Hace dos años estoy segura de que te juzgué. Estoy casi 100% segura de que alguna vez te miré mal en el avión o puse los ojos en blanco cuando tu hijo se puso a llorar en el tren y tú no pudiste calmarlo. Yo soy esa chica que abrió su ordenador con desdén y se colocó los cascos con desmanes para que notaras mi incomodidad. Mejor dicho, yo “era” esa chica, y hoy vengo a pedirte perdón.

Hace unos dos años nació mi segunda hija. Una alegría inmensa que vino de la mano de un gran descubrimiento: Los niños “exigentes” existen.

Estos dos últimos años de mi vida han sido intensos en muchos aspectos. Han sido intensos en aprendizaje (me he formado y sigo formándome como Asesora Continuum) e intensos en cuanto a la crianza de mis pequeños. Soy la orgullosa madre de una niña de “Alta Demanda”.

Mi imagino que ahora mismo, al leer estas palabras “Alta Demanda”, se habrán producido tres tipos de reacciones:

  •  Reacción tipo 1:
    • “No me creo que una Asesora Continuum etiquete a su hija de esa manera. La “Alta Demanda” no existe. Sólo existen las madres “bajo oferentes”. Todos los niños son demandantes.
  • Reacción tipo 2:
    • “¿“Alta Demanda”? ¿Eso qué es? ¿Será mi hijo también de “Alta Demanda”? A ver qué me cuenta esta mamá…
  • Reacción tipo 3:
    • “¡Dios! Qué alivio siento cuando leo a otra madre a la que le pasa lo mismo que a mí. Ya pensaba que me estaba volviendo loca, o que soy una floja, o incluso una mala madre.

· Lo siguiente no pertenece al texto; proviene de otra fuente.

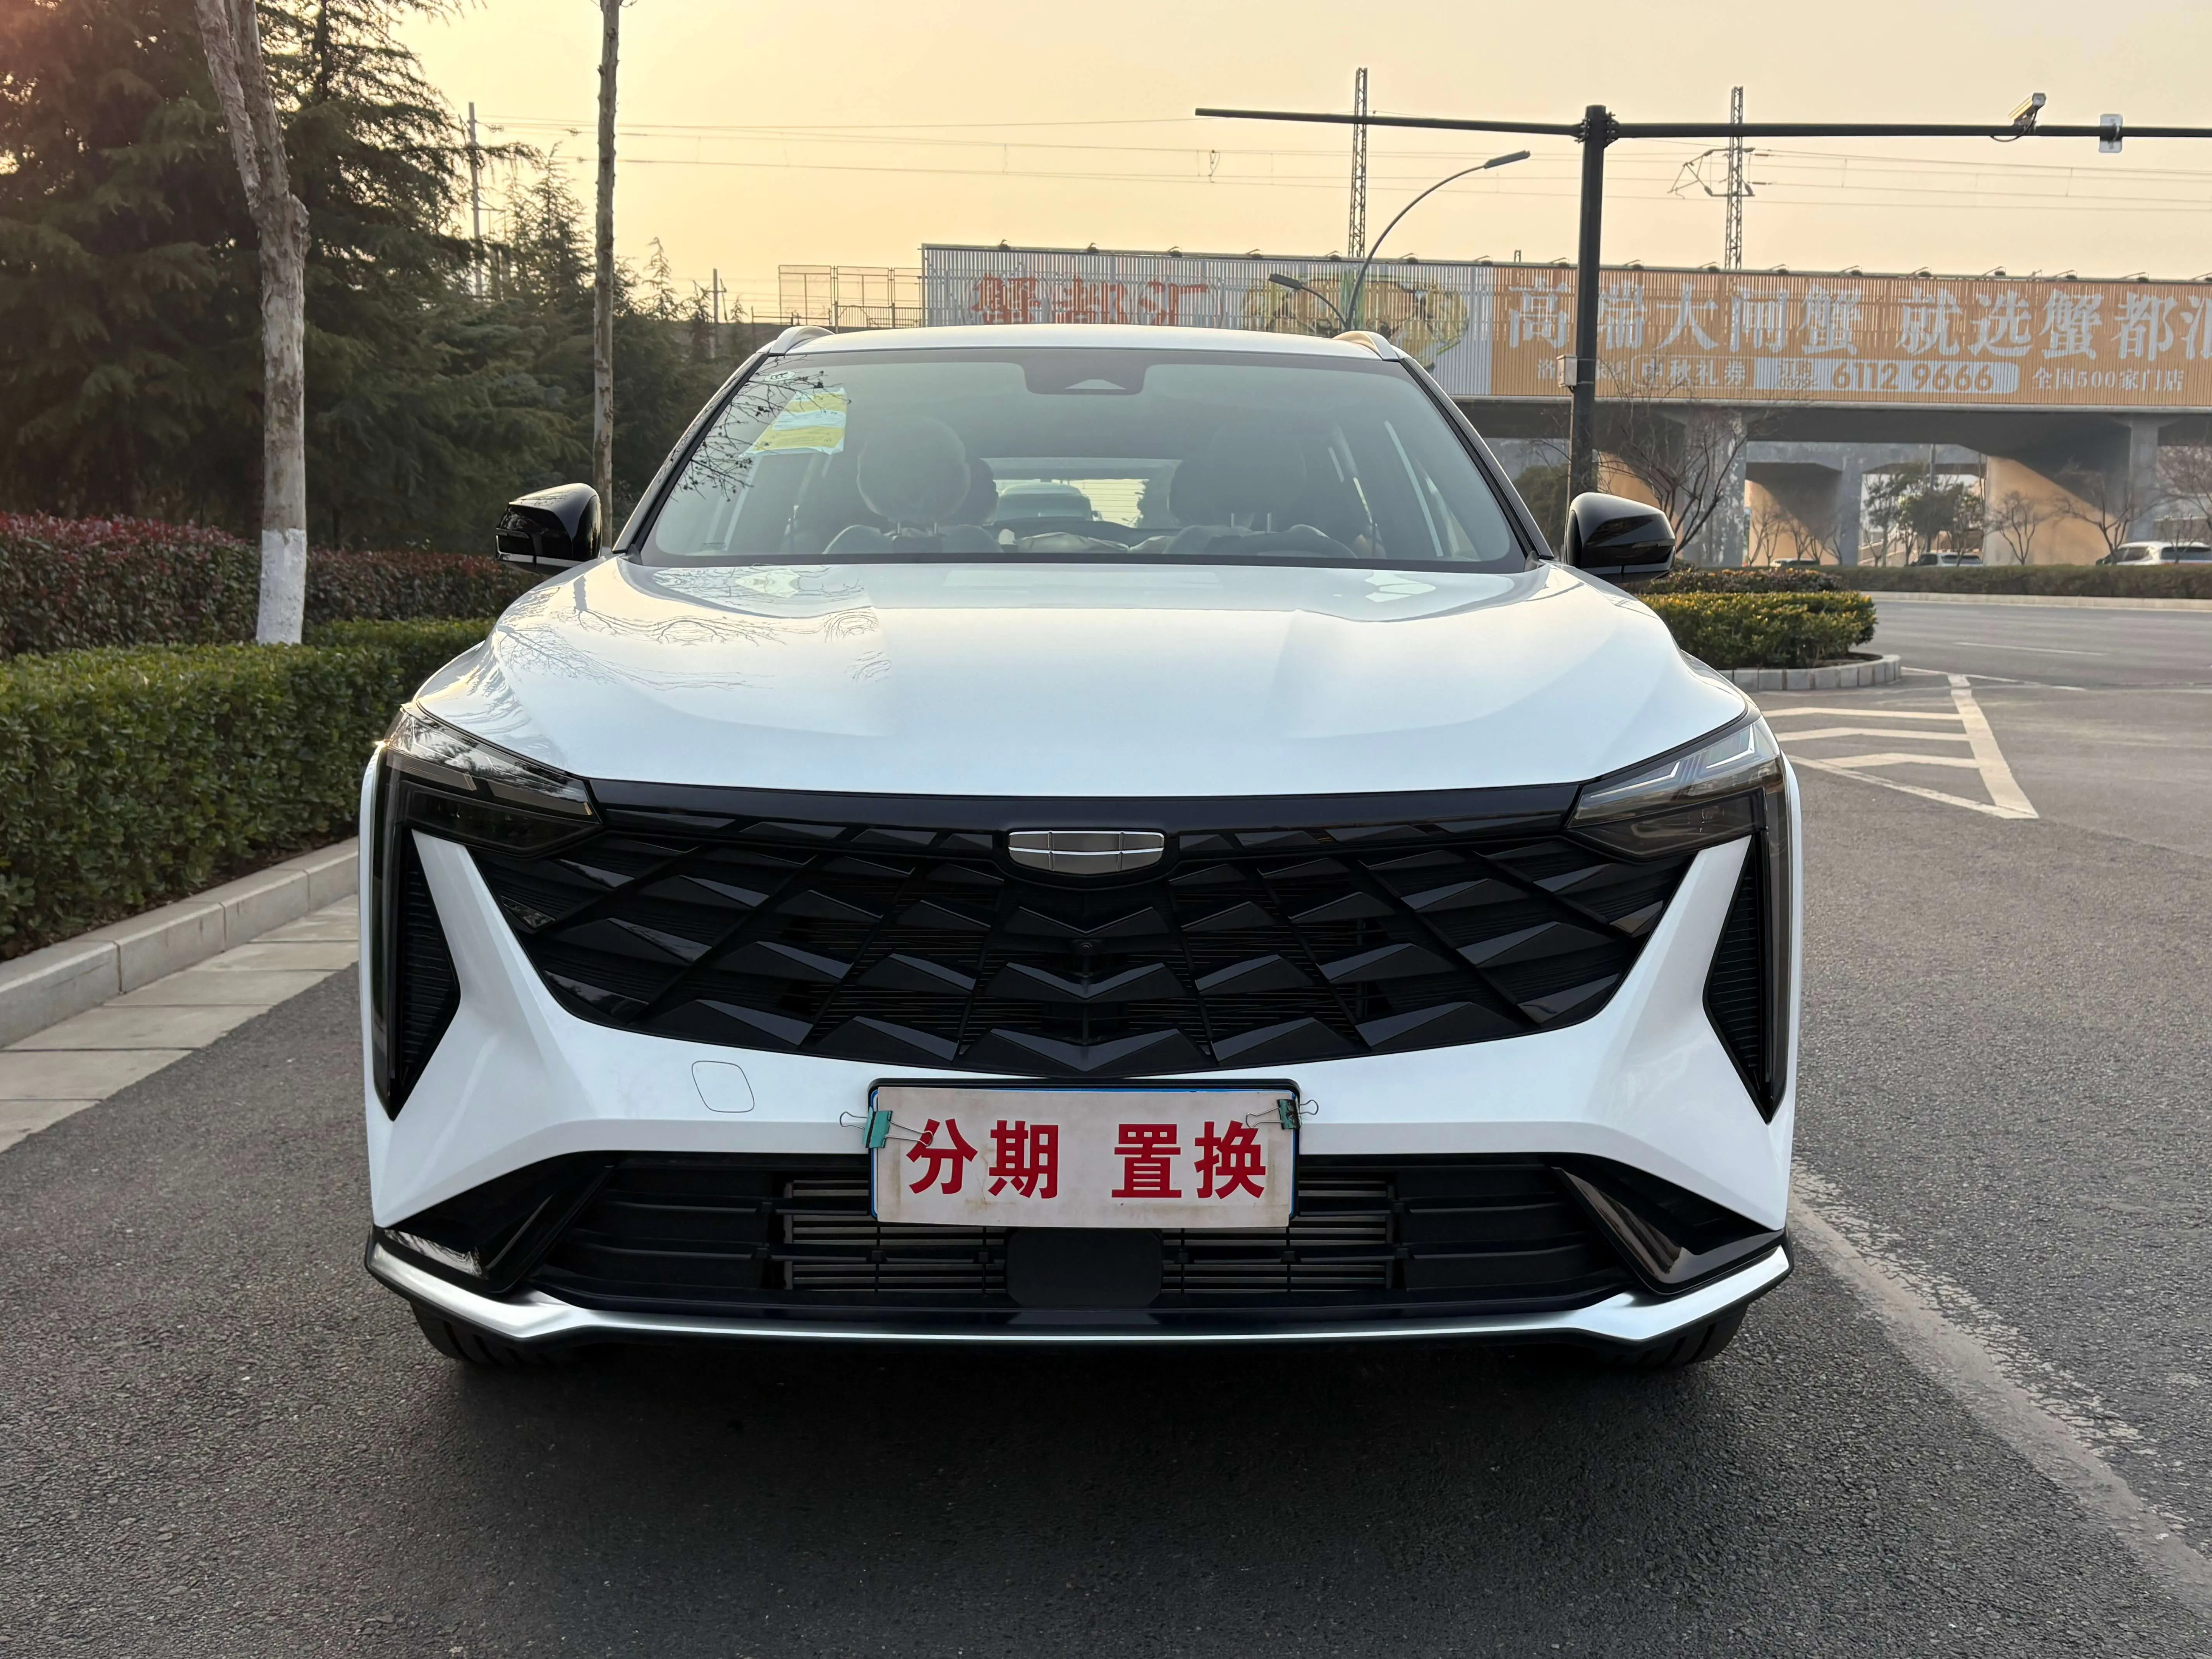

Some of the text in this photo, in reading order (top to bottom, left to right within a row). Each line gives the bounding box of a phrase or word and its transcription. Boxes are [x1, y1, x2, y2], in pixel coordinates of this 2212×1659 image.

[1833, 361, 1994, 392] 6112 9666
[2032, 366, 2185, 392] 全国500家门店
[906, 1118, 1266, 1199] 分期 置换
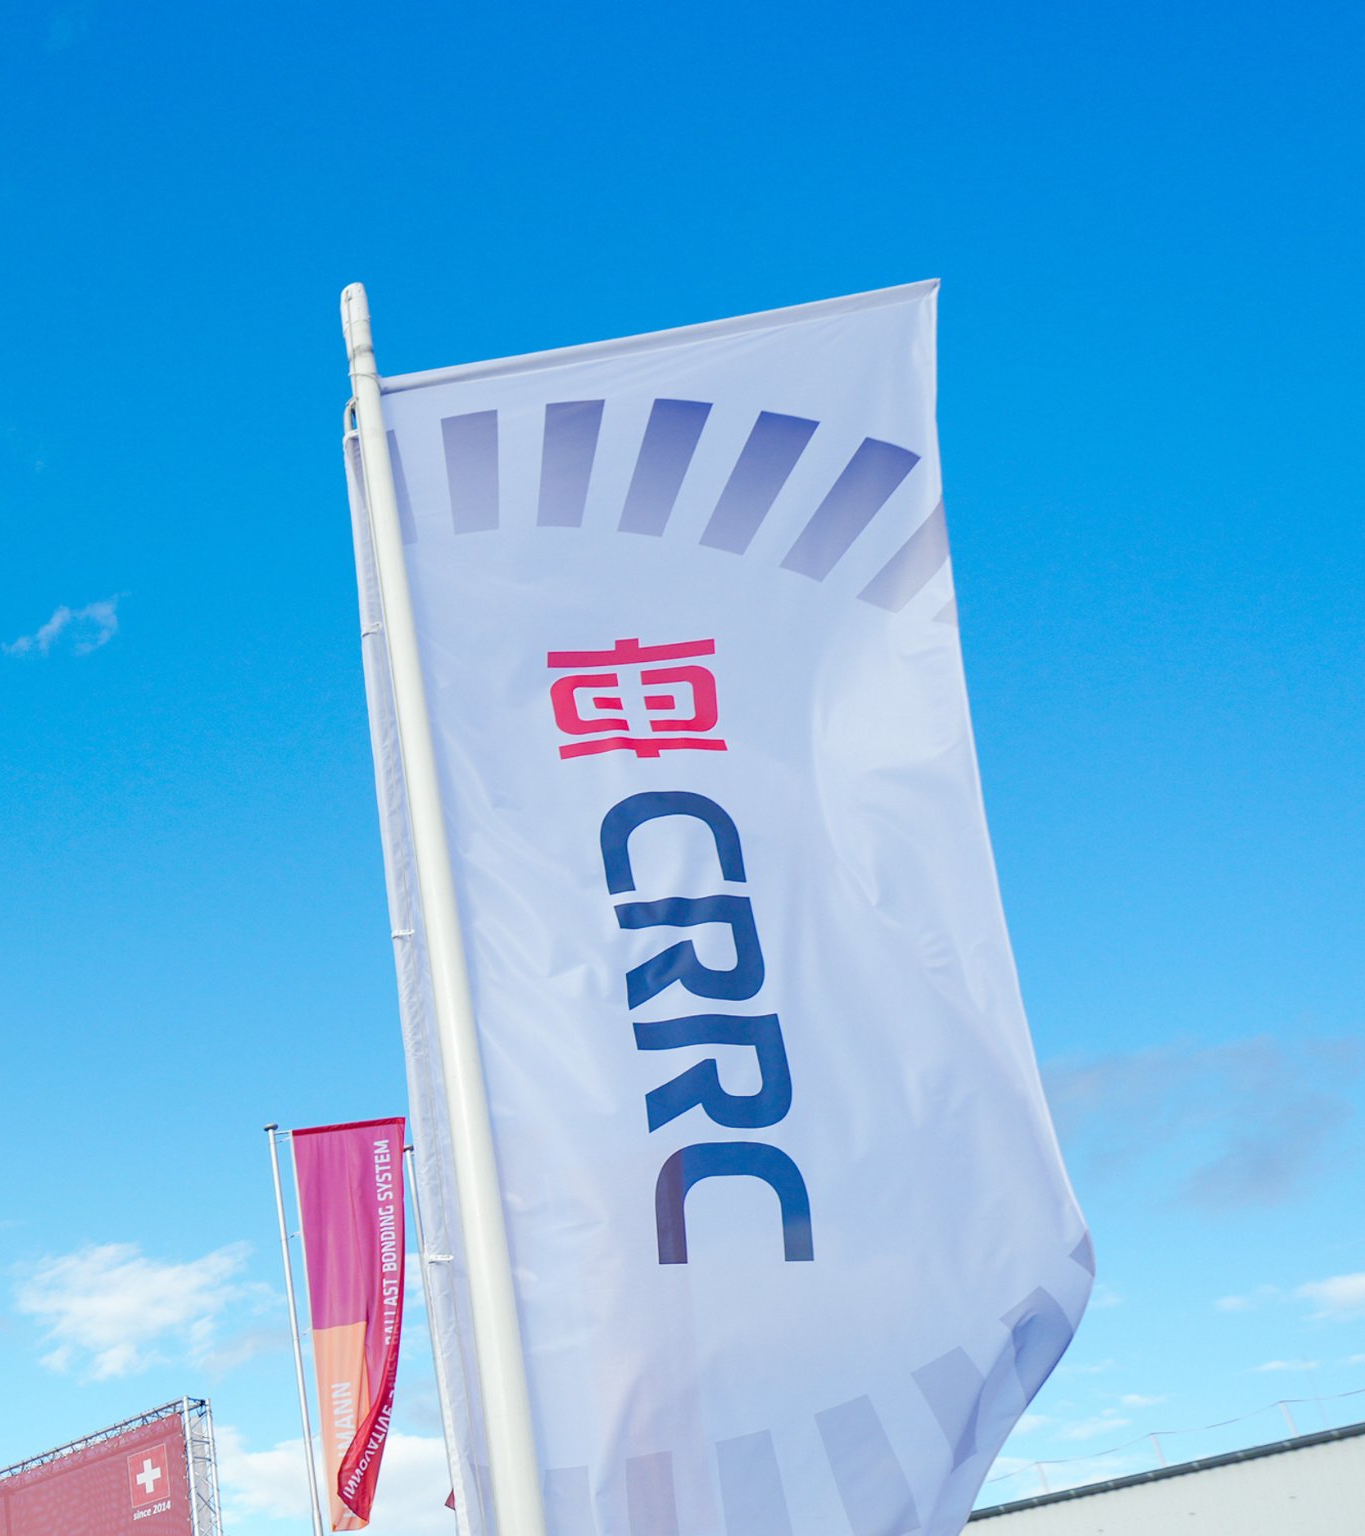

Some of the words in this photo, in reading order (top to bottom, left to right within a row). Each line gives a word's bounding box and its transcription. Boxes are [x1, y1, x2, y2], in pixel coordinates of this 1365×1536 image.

[599, 790, 815, 1264] CRRC
[373, 1139, 393, 1201] SYSTEM
[378, 1205, 397, 1273] BONDING
[133, 1508, 152, 1521] since
[153, 1500, 171, 1515] 2014
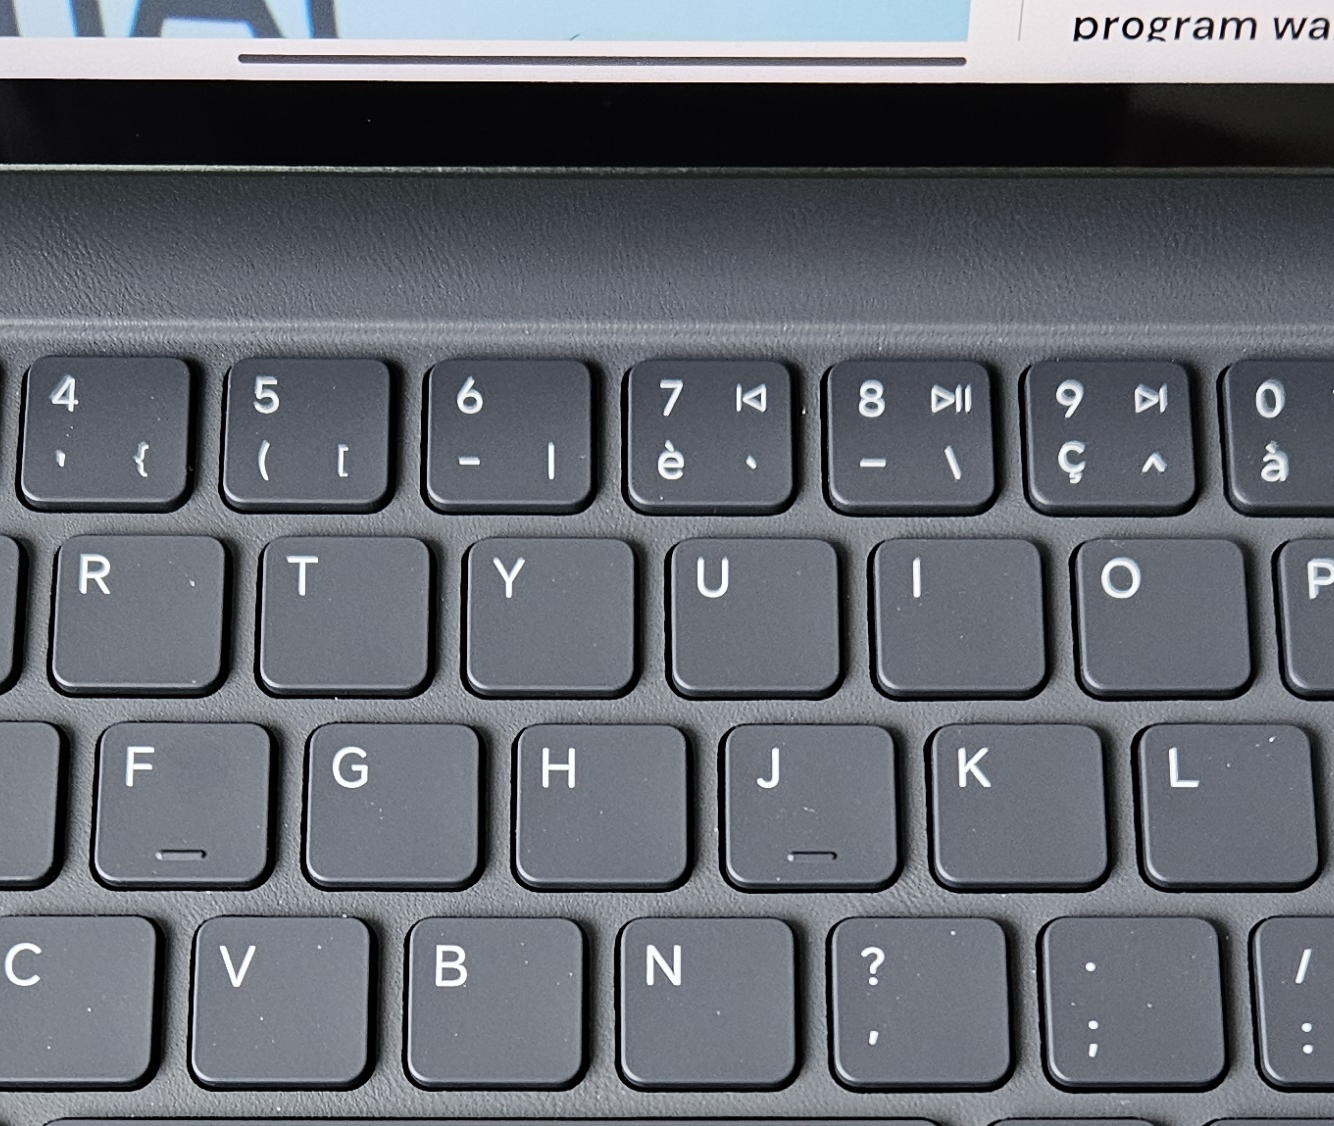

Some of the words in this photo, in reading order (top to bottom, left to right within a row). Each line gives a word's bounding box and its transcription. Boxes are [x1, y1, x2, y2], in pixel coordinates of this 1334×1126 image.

[1072, 16, 1258, 43] program
[50, 375, 79, 413] 4
[253, 376, 280, 415] 5
[456, 376, 484, 415] 6
[659, 379, 684, 417] 7
[858, 380, 886, 418] 8
[1055, 380, 1084, 419] 9
[133, 441, 150, 478] {
[258, 440, 271, 481] (
[337, 444, 349, 478] [
[657, 439, 685, 480] è
[944, 445, 962, 480] \
[1260, 442, 1289, 483] à
[79, 553, 111, 595] R
[286, 555, 319, 596] T
[493, 557, 526, 599] Y
[696, 556, 729, 599] U
[1100, 557, 1141, 599] O
[125, 746, 155, 787] F
[332, 746, 369, 789] G
[542, 747, 576, 789] H
[756, 747, 780, 789] J
[957, 747, 992, 788] K
[1168, 746, 1200, 788] L
[4, 942, 42, 987] C
[219, 945, 257, 988] V
[435, 944, 468, 987] B
[646, 944, 682, 986] N
[860, 946, 885, 986] ?
[1295, 948, 1312, 984] /
[1301, 1022, 1314, 1054] :

Pues bien, tengo respuesta para los tres tipos de reacciones.

 

Respuesta para los del primer grupo:

A ti que ahora me juzgas por definir a mi hija como una niña de “Alta Demanda” te puedo decir que te entiendo. Que las etiquetas son peligrosas y que muchas veces etiquetar consigue lo que en textos de literatura se conoce como “La profecía autocumplida”. Una afirmación que, una vez hecha, es en sí misma la causa de que se haga realidad.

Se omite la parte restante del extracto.